Iris heard him out as we sat there at the curb and Prok preached at her over his shoulder, then finally turned the key in the ignition and brought the Buick to life. And then, in a small but firm voice, she said, “I have an ad here.”

Prok gave her his profile, the hat clamped down over the stiff brush of hair. “An ad?”

“I clipped it from the paper. Listen: ‘Charming three-bedroom farmhouse, kitchen, dining, stone fireplace, indoor plumbing, built solid, 1887’—and it’s less than this place.”

“Eighteen eighty-seven?” Prok was incredulous. “A farmhouse? What would you want with a farmhouse? But wait a minute — where did you say it was?”

She gave the address.

“But that’s got to be eight or ten miles out of town. At least. You’d need a car.”

“John’s wanted a car all his life. Don’t you think, at twenty-eight, he deserves one?”

I kept mum. The heat vent beneath the dash began to hiss and the exhaust roped back in the wind and tied itself in knots outside my window.

“That’s not at issue, Iris. That’s not it at all. You have to think of economy, that’s what I’m saying. A car is just one more expense, the gasoline, oil, upkeep. And the project, our collecting trips — do you really want to be left way out there in the country all by yourself? And with a baby to care for, no less?”

Iris’s voice, the stubborn little nugget of it: “We can at least look, can’t we?”

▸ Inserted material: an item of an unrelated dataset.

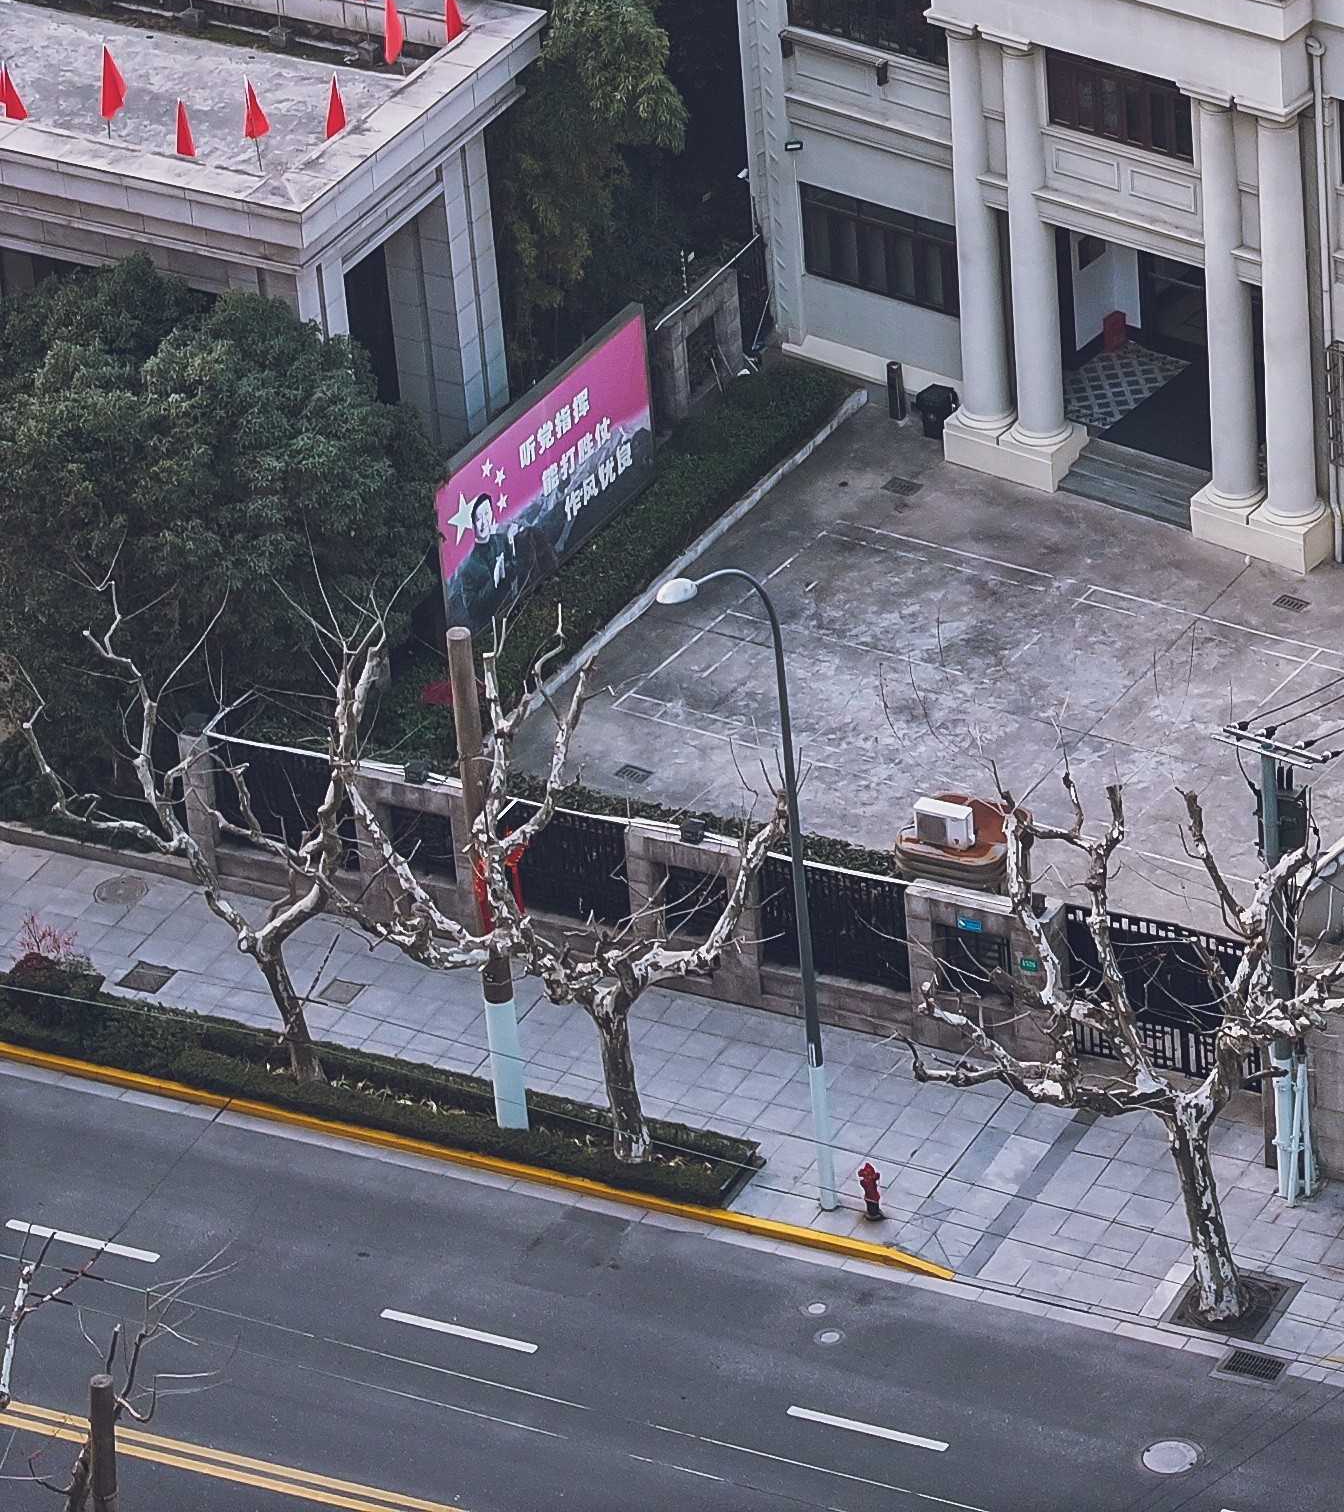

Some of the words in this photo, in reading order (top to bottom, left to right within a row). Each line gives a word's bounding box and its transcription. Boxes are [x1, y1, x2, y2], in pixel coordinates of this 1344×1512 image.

[519, 387, 590, 469] 听党指挥
[541, 416, 612, 498] 能打胜仗
[564, 441, 634, 522] 作风优良

The farmhouse, by Prok’s odometer, turned out to be 5.2 miles beyond the town limits, just off the Harrodsburg road. There was no farm attached to it — the farm had failed during the Depression — but there was the acre of land the house sat on and a small orchard of fruit trees out back, apple, peach and pear. The owner was an old man, bowed in the back and with hands like baseball mitts, a widower who was planning to move in with his son’s family in Heltonville. Iris liked the fireplace in the main room, a massive thing that had once been used for cooking, and she liked the scuffed oak floors and the gentle warp underfoot that rolled you down through the glade of the parlor and into the valley of the kitchen. She’d never seen anything sturdier than the stone foundation and the hand-hewn planks of the front porch — or the well, the well was a thing of beauty in itself. Prok hated the place. It was impractical, a headache in the making, and he appealed to me—“Do you really want to spend all your free time at home with a hammer in one hand and a paint brush in the other?”—but I had already begun to see what Iris was talking about, already begun to envision what she could do with the place given her taste and her resourcefulness, and so I said nothing.